第6話 下層試練ボス攻略配信

●REC――――渋谷未攻略ダンジョン23階層


「これはドギガゴギガかな。関節部分が弱点なのでそこを突きましょう。ゴーレム系はコアか、関節が弱点な事多いよね」


▼コメント

:今、ゴーレムの目からビームでてたよね??

:スキル使った?それとも素の身体能力??ヤバぁ

:ボガァってヤバい音がなった瞬間、ゴーレムさんの両腕が吹き飛んでいったんやが

:そもそも普通の探索者は関節部分まで近づけないです

:下層のモンスターを素手で倒すS級さん好き

:※彼は特殊な訓練を受けています



●REC――――渋谷未攻略ダンジョン25階層


「これは……テラリスだね。土壁を生み出して押し潰そうとしてくるから土壁ごとぶっ壊すと良いよ。素手でもイケるけど――――遺物【絶頂重槍パイルランサー】、発射!」


▼コメント

:可愛いリスなのに攻撃がエゲツナイ件

:そしてそんなリスを更にエグい攻撃で倒すS級

:どっちもどっち

:グジャって音しなかった!?幻聴!?

:汚ねぇ花火だ……


●REC――――渋谷未攻略ダンジョン29階層


「これは………………なんだろ。初めて見た。初見モンスターに出会った時はとりあえず逃げるかゴリ押すかって感じだね。はい、【領域魔法】『圧塊あっかい領域』」


▼コメント

:何このモザイクモンスター

:認識できない??

:一瞬で生き埋めにされてて笑った

:圧塊……空間を土で埋めて圧で押し潰す魔法??

:領域魔法が何か分からないけどなんか凄そう(小並感)



●REC――――渋谷未攻略ダンジョン30階層


 祝、視聴者数五万人ッ!!

 嬉しいな。嬉しすぎる。心が踊ってる。でもまだ喜んじゃダメだ。
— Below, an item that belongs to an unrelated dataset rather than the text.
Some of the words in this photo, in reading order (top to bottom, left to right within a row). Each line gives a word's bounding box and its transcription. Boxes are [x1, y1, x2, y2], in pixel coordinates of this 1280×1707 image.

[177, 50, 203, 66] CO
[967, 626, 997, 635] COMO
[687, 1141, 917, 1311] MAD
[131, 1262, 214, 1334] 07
彼らは僕のファンになった訳じゃ無い。S級という言葉に惹かれて来ただけだ。多分。おそらく。メイビー。


「じゃあ、これから下層試練ボス戦始めるよ」


▼コメント

:待ってました

:片手で倒しましょう

:実際片手で倒せる??

:片手厨が多すぎる

:無双してくれ

:扉ぶっ壊す???

:未攻略ダンジョンのソロ下層ボス攻略配信とかレアすぎ


 そんなに片手討伐が見たいのか。待てよ? これで俺が片手討伐したら『S級、片手でボスを蹂躙する』みたいなタイトルでバズるんじゃないか??
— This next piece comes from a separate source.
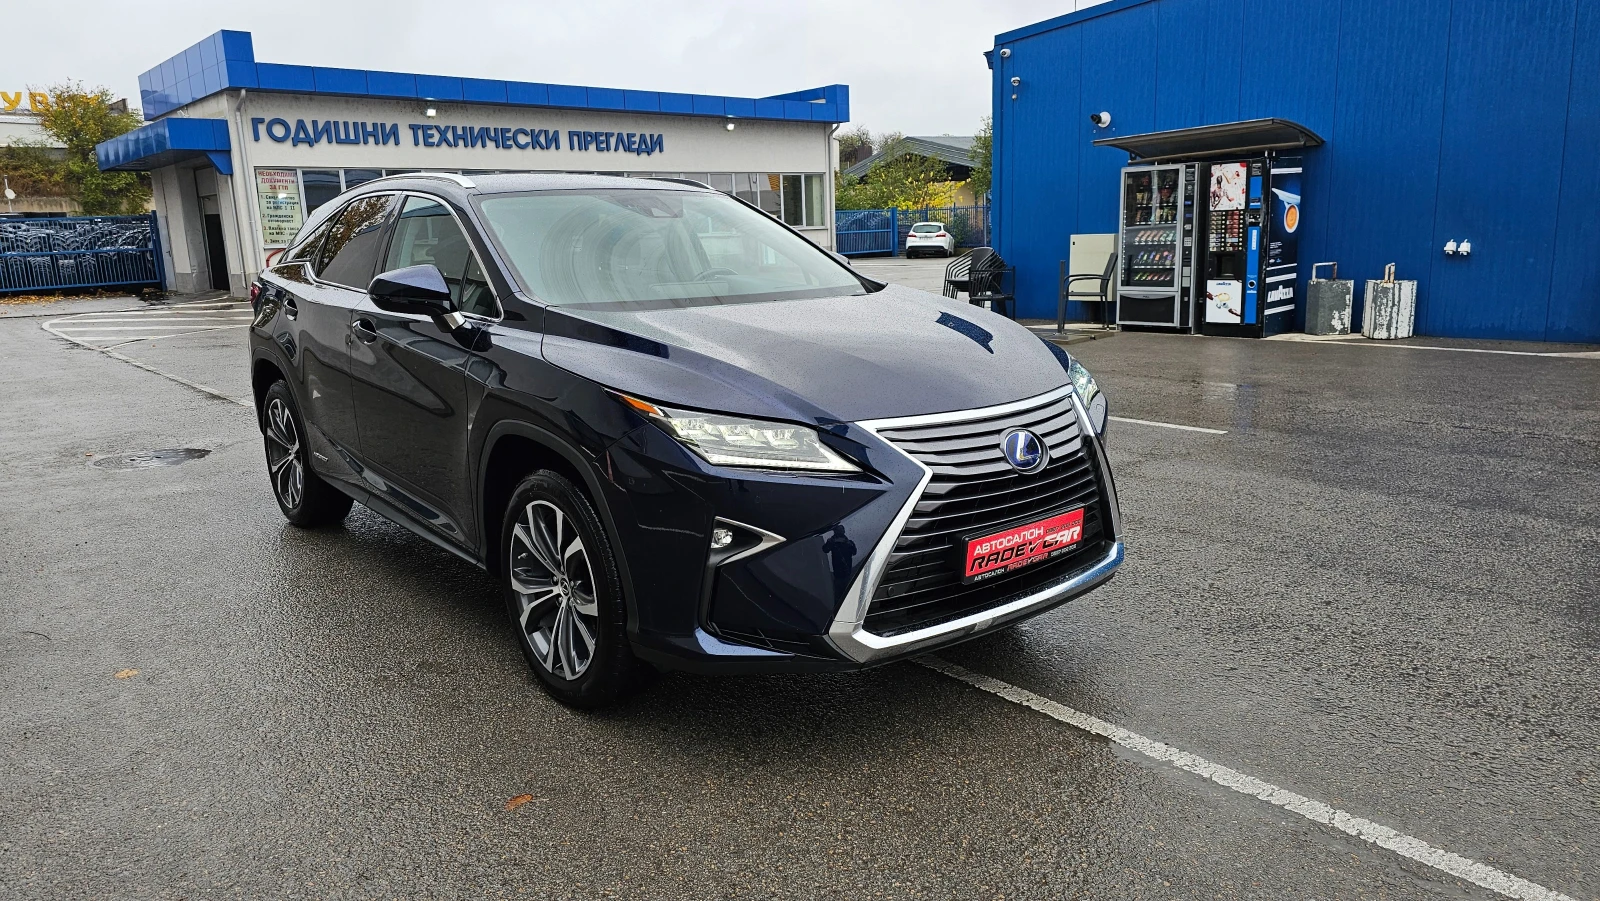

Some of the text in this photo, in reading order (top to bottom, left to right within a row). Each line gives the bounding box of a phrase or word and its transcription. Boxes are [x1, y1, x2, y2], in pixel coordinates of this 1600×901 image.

[251, 117, 665, 156] ГОДИШНИ ТЕХНИЧЕСКИ ПРЕГЛЕДИ
[973, 527, 1044, 556] АВТОСАЛОН
「片手の依頼多いね〜。よし、相手によるけど片手でやってみようか」


▼コメント

:うおおおお!!!

:男に二言はないな??

:片手討伐したらチャンネル登録します

:ヤバくなったら両手でやれよ??


「まだ確定じゃないからね。相手によるからね?」


 言っちまったぜ。んー、片手か……遺物使うのはアリかな??


「(まあ、下層のボスなら大丈夫か)」


 盛り上がるコメント欄を尻目に、俺は試練ボスに挑む扉を押し開けた。ちなみに扉は壊さない。今回は普通に倒す。

 


 ――俺を出迎えたのは、1体の黒騎士であった。


「黒い騎士のモンスター……中層にブラックナイトってのが居るけど、同じな訳ないよね」


▼コメント

:黒騎士だ

:カッコよ

:中層で出るのと同じ見た目……??

:片手片手片手片手片手片手片手カタカタカタカタ


 なにより、中層のモンスターが出していい覇気じゃない。配信画面越しに伝わっているかは分からないが、禍々まがまがしいオーラがその身を包んでいる。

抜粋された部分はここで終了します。